Estándares

La vida sería más fácil, si de una vez por todas pudiéramos entender que cada uno hace lo que puede, con lo que tiene. 
A todos nos rodea una contingencia diferente. Hay tantos contextos como personas y cada uno desde que nacemos, vamos construyendo una realidad y trazando un camino, signado por mil factores que lo van moldeando y torciendo.

Los problemas empiezan, cuando la hora fatal de cualquier domingo a la noche te encuentra stalkeando la cuenta de Instagram de una desconocida, de esas que te tiran las recomendaciones por algoritmo, y se te retuerce la panza cuando te das cuenta que tiene 27 años, como vos; pero que a diferencia tuya, tiene una agencia propia y pudo irse a vivir a Berlín con su novio. Volvés la mirada hacia adentro y encontrás que lo más cerca que estás de Berlín, es el 7% de fluidez en alemán que lograste en Duolingo.
De lo otro ni hablemos.

Entonces; ahí empieza la amargura. Ahí empieza la frustración. Vos tenés 27, sos Jr en una agencia, abandonaste un postgrado por segunda vez, tenés una relación colgando de un hilo y alquilás un cuarto con una tele que solo tiene 26 canales.
Fracasada de mierda. Sería lo primero que se te viene a la cabeza. Frustración. ¿Y si te regresas a tu casa? ¿Pero qué hacer con los 5 años que “perdíste” acá? ¿Dónde está el título de magister? ¿Te subirías a ese avión con las manos vacías?

Todo eso se te viene a la cabeza… Una y mil veces. Como ayer. Como siempre.

Afortunadamente, la serotonina del chocolate que te comiste después de cerrar Instagram, trajo consigo un golpe de lucidez y te permitió llegar a la conclusión de que probablemente, esa persona de tu edad que tiene su agencia y vive en Berlín, tiene una historia atrás, que probablemente es muy diferente a la tuya. Probablemente tomó mejores decisiones, probablemente sea bastante talentosa…

Pero, ¿eso necesariamente significa que vos no lo seas? Qué te hace pensar que en algún lugar del mundo alguien entró a tu Instagram por casualidad y se amargó una noche de domingo comparando su vida con la tuya? 
Apostaría un brazo, que la chica que stalkeaste también mira otros perfiles y se siente fracasada.

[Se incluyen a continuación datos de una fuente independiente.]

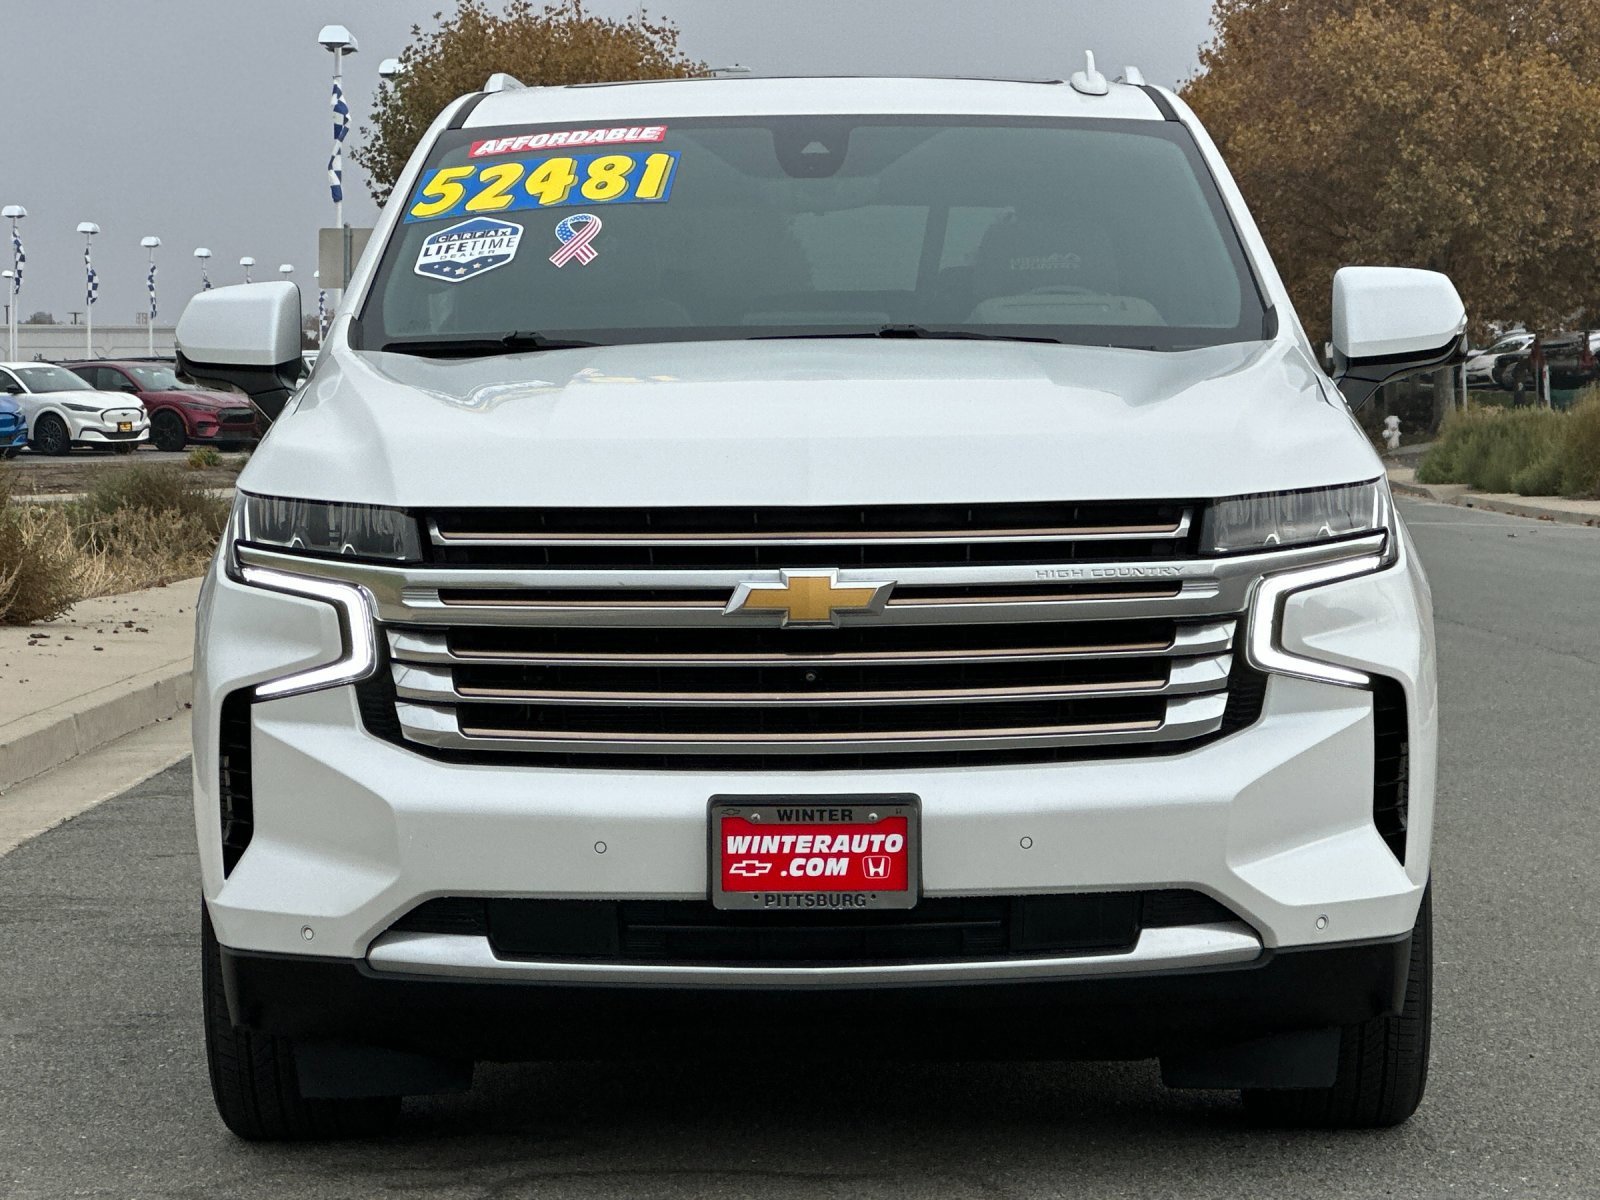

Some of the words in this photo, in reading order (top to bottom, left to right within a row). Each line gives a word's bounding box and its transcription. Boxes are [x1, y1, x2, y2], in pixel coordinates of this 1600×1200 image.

[473, 126, 665, 156] AFFORDABLE
[410, 153, 675, 217] 52481
[437, 229, 510, 243] CARFAX
[423, 237, 516, 257] LIFETIME
[440, 250, 495, 260] DEALER
[1035, 569, 1084, 579] HIGH
[1091, 566, 1185, 577] COUNTRY
[777, 809, 853, 822] WINTER
[727, 834, 904, 854] WINTERAUTO
[780, 857, 849, 877] .COM
[764, 893, 867, 908] PITTSBURG

Entonces, ¿Por qué insistimos en seguir haciendo eso? ¿No sería más fácil volver la mirada a cada uno y agradecer por 
el simple hecho de que podemos seguir acá e intentarlo de vuelta si es que fracasamos? Mucha gente en este mismo segundo perdió esa portunidad.

¿Para qué seguir dándole cabida a crueles estándares del“deber ser”? Cada quién es lindo. Cada quién es valioso y cada quien lleva consigo a cuestas una lucha interna. Y así como esa lucha va dejando cicatrices, también va dejando lecciones que nos impulsan para adelante. Así nosotros mismos no nos demos cuenta que cada día es una aprendizaje y una ganancia.

Todo por estar mirando para otros caminos. Que no nos corresponden.